4.5 Interferon-α and -β
Human immune system fight against viral infections by release interferon (Alpha, Beta), which inhibits the proliferation of viruses by inducing the synthesis of antiviral proteins. Interferon drugs are used as a broad-spectrum antiviral drug in clinical practice. Previous study has demonstrated that interferon-α and -β showed antiviral activity against MERS (Morra et al., 2018; Stockman, Bellamy, & Garner, 2006). A study demonstrated the antiviral effects of interferon-α2β and ribavirin on the replication of nCoV isolates hCoV-EMC / 2012 in Vero and LLC-MK2 cells (Falzarano et al., 2013). National Health Commission issued the “Diagnosis and treatment protocol for novel coronavirus pneumonia (version 7)”, which recommend that interferon alpha is taken by atomization inhalation. Adults should take 50μg in 2ml of sterile water via injection each time twice a day. Interferon alpha can be used as a novel drug to improve virus clearance effect of the respiratory mucosa of patients (Commission, 2020).
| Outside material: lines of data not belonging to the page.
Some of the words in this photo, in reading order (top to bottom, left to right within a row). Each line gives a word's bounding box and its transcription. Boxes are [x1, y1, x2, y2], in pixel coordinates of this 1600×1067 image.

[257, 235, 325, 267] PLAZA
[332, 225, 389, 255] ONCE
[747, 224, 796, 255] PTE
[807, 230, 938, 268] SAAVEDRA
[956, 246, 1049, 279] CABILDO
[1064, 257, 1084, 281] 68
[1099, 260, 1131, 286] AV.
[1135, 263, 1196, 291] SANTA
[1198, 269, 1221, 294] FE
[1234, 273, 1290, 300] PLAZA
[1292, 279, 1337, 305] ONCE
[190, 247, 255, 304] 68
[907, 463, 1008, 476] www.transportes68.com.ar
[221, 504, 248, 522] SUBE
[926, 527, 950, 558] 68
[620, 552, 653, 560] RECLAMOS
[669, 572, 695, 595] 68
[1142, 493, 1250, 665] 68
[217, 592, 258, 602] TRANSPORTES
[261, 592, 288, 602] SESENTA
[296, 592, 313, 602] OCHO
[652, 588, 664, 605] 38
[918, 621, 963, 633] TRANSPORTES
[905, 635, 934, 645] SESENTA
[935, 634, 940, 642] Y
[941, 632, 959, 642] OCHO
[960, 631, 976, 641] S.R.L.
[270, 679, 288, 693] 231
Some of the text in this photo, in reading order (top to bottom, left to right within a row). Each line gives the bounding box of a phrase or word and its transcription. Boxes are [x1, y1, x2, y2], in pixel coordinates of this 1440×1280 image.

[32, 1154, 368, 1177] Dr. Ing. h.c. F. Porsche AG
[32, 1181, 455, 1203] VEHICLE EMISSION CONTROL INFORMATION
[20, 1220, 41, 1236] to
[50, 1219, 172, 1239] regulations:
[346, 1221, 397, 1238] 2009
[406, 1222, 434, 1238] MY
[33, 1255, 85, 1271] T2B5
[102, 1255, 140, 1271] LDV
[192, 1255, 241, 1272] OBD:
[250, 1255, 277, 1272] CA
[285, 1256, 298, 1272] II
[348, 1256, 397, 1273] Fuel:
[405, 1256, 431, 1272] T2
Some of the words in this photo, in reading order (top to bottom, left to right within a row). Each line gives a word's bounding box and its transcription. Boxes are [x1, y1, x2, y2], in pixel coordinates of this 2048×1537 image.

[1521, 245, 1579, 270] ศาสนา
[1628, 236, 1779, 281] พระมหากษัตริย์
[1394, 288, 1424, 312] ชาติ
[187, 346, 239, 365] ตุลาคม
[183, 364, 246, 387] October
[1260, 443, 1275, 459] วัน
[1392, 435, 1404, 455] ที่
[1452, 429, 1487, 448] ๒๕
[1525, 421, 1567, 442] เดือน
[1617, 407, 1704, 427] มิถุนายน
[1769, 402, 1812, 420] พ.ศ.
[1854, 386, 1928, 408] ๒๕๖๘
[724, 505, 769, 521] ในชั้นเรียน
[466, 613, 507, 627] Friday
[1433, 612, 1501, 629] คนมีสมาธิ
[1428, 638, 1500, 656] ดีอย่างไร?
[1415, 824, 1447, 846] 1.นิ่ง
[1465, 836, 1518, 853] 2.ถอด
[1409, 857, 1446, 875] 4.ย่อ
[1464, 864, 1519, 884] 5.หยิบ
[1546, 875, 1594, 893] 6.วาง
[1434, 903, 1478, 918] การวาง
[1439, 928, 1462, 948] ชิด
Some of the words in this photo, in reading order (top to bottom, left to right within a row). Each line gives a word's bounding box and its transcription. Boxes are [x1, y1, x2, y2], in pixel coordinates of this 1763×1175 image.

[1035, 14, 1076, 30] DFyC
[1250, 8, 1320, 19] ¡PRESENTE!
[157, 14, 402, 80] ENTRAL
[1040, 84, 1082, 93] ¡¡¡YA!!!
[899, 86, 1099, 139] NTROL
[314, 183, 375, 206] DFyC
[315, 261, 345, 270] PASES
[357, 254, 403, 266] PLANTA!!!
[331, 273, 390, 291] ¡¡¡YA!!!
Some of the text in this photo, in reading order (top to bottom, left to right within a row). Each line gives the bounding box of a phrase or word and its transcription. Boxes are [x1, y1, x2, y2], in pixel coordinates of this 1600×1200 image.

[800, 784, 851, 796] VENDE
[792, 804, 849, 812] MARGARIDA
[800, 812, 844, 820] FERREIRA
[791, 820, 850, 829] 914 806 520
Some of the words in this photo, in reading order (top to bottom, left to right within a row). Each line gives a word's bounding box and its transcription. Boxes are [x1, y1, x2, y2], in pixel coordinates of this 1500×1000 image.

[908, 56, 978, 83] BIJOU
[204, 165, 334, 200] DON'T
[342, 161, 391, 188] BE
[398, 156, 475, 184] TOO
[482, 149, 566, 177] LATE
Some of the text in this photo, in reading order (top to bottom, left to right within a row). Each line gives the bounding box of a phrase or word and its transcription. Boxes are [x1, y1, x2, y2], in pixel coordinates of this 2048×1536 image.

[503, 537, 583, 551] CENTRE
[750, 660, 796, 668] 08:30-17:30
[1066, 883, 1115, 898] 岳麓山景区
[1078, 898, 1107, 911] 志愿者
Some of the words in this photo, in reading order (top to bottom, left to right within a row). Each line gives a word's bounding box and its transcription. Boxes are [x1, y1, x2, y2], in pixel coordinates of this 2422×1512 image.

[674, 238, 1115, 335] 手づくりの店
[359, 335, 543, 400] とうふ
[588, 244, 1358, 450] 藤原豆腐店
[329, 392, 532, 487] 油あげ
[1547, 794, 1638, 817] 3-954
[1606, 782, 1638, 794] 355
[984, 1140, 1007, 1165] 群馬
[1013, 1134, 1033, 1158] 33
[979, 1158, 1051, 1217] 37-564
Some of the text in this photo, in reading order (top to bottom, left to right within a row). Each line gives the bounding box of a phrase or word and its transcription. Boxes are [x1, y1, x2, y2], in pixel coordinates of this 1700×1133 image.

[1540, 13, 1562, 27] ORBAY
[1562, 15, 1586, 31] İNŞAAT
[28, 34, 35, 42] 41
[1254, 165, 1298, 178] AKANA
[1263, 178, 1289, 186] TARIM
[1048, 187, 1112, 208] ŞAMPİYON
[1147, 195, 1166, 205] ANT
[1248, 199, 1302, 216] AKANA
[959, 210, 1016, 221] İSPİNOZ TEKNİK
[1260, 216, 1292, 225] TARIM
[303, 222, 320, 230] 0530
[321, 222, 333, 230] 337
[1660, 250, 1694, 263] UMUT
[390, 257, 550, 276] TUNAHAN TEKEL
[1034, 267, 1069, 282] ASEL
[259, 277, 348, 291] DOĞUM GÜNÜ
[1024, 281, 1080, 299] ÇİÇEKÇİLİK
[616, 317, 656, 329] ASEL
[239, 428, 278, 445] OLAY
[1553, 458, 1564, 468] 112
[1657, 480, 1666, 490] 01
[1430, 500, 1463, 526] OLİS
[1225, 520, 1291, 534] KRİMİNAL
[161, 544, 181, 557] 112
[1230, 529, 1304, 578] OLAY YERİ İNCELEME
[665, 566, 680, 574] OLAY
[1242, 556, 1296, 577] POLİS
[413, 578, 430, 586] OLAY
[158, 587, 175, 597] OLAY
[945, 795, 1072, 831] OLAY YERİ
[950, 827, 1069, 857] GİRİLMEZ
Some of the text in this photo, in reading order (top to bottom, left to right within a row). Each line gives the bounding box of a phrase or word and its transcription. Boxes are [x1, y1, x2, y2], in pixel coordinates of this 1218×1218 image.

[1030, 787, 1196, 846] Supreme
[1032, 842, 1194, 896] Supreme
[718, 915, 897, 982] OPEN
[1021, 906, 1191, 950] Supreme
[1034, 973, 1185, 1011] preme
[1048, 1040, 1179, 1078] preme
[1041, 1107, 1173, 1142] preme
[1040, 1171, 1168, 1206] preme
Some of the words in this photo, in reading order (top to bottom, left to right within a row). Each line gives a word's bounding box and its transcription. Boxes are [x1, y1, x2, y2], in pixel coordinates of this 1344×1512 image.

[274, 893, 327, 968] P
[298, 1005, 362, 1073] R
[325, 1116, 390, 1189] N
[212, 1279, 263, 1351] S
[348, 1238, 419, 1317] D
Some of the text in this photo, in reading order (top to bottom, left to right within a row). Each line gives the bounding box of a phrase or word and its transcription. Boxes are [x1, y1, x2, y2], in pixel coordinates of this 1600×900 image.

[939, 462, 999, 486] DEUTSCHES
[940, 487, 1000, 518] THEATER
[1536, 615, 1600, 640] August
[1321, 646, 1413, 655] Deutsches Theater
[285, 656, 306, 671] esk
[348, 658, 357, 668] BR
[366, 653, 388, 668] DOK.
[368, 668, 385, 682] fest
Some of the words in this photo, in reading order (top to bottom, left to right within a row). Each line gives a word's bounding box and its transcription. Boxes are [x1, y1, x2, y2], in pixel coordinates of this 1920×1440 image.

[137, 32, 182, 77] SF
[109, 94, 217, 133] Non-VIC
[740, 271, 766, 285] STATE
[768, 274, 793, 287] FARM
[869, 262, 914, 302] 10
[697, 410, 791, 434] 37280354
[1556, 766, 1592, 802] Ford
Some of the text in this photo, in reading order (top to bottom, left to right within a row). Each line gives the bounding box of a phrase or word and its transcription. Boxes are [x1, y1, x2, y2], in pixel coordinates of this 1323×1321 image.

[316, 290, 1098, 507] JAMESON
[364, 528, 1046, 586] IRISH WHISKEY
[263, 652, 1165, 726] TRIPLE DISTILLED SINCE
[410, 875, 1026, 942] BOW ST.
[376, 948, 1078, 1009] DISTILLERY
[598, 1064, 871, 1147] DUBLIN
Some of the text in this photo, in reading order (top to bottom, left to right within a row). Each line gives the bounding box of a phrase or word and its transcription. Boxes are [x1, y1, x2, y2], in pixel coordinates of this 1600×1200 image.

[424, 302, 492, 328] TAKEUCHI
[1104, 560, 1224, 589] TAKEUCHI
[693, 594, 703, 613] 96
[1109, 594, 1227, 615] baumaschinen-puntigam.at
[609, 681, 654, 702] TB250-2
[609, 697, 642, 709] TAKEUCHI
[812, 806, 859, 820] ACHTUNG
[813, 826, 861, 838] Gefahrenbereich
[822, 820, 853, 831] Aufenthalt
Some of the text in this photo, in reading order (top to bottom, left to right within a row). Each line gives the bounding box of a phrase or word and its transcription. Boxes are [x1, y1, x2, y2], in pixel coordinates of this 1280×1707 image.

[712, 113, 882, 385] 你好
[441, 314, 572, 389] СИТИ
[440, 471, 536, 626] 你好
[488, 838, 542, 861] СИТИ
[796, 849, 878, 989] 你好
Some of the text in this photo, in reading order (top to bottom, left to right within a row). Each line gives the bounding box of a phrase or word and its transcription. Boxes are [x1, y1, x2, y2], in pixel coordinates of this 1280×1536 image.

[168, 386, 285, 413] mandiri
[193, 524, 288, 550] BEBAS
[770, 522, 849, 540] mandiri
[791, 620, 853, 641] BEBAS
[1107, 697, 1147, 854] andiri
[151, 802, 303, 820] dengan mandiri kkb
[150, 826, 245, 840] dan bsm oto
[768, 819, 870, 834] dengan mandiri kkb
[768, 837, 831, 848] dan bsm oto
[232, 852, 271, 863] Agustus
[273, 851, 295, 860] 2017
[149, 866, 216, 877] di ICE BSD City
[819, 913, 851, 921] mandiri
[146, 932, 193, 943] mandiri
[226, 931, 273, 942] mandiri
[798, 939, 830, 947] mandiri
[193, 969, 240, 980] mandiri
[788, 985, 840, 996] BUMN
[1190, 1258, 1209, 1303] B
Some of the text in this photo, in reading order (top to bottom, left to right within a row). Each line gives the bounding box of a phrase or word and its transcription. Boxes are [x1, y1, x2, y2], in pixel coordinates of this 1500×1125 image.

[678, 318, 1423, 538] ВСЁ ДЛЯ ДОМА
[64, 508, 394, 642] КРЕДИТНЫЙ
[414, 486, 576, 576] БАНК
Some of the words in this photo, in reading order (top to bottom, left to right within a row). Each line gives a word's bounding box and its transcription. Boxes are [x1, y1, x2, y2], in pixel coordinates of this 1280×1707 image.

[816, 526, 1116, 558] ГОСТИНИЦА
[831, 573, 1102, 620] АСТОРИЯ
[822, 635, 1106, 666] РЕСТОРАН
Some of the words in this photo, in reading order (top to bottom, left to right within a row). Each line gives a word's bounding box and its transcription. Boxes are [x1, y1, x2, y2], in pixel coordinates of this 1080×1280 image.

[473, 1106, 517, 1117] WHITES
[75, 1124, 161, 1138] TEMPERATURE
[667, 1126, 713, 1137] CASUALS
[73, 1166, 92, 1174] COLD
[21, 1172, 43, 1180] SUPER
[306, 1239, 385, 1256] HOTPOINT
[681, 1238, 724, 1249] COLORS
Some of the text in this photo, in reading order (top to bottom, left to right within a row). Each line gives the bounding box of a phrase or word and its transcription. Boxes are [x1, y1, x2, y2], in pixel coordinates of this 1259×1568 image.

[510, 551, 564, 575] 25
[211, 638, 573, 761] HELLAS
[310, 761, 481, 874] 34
Currently, a multi-center, blank-controlled, randomized, open, multi-stage clinical study is ongoing aimed at evaluating the efficacy and safety of recombinant human interferon α1β in treating patients with COVID-19 in Wuhan (NCT04293887) (ClinicalTrails.gov, 2020). However, there is no data on animal or human studies to recommend their clinincal use to combat COVID-19. Further verification of its safety and efficacy is required.
4.6 Corticosteroids
Acute lung injury (ALI) or ARDS was seen in cases of late phase severe SARS. Corticosteroids were adopted to suppress lung inflammation in MERS and SARS due to their immunomodulatory properties. Some clinical trials suggested that high-dose of corticosteroids reduced mortality of SARS without increasing the risk of life-threatening complications (Ho et al., 2003; Sung et al., 2004; Zhong, 2004). A retrospective study on adverse outcomes of SARS patients with hormone therapy showed that patients developed adverse reactions, and hormone therapy increased the risk of admission to the intensive care unit or death by 20.7 times (Auyeung et al., 2005). Elsewhere, a retrospective study showed that appropriate use of hormones in patients with severe SARS can reduce mortality and shorten hospital stay. Moreover, they found that hormones did not cause serious secondary lower respiratory tract infections and other complications (R. C. Chen et al., 2006). In February, 7, 2020, an article published on the Lancet suggested that it is insufficient for current clinical evidence to support the hormone therapy in treating ALI resulting from SARS-CoV-2 (Russell, Millar, & Baillie, 2020). Following the epidemic of SARS, the efficacy and safety of glucocorticoids is considerably understood. Corticosteroids should be used with caution for patients with COVID-19. Furthermore, physicians should strictly follow the indications, drug dosage and course of treatment. However, for critically ill patients with rapid progression, appropriate use of corticosteroids in addition to a ventilator support should be measured to prevent the progression of acute respiratory distress syndrome.